#### ASSIGNMENT:
Reproduce all entries below verbatim. Skip the pictures.

━━━━━━━━━━━━━━━━

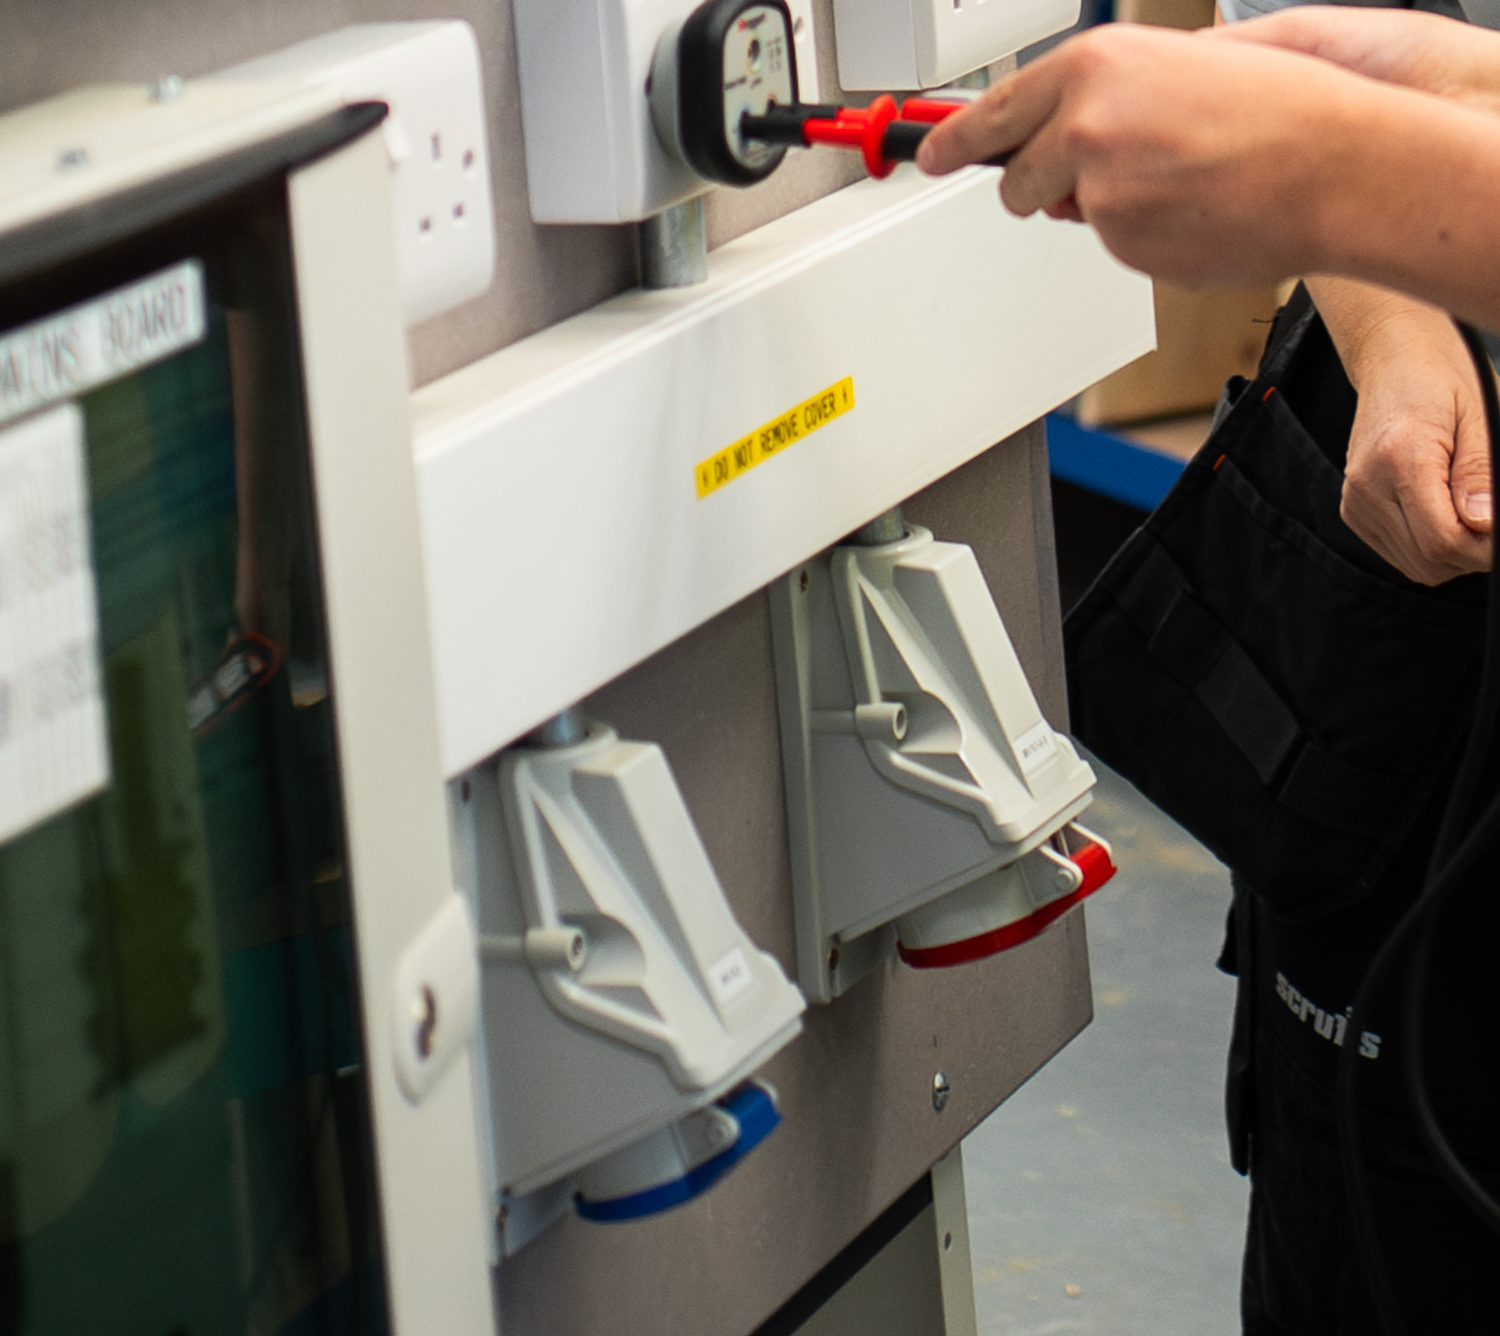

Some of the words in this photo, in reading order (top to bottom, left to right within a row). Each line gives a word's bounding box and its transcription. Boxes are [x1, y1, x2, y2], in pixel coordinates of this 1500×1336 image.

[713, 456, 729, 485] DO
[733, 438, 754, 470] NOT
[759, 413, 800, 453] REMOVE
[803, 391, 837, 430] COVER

━━━━━━━━━━━━━━━━

#### COMPLETED TASK:
Some of the words in this photo, in reading order (top to bottom, left to right within a row). Each line gives a word's bounding box and its transcription. Boxes are [x1, y1, x2, y2], in pixel coordinates of this 1500×1336 image.

[713, 456, 729, 485] DO
[733, 438, 754, 470] NOT
[759, 413, 800, 453] REMOVE
[803, 391, 837, 430] COVER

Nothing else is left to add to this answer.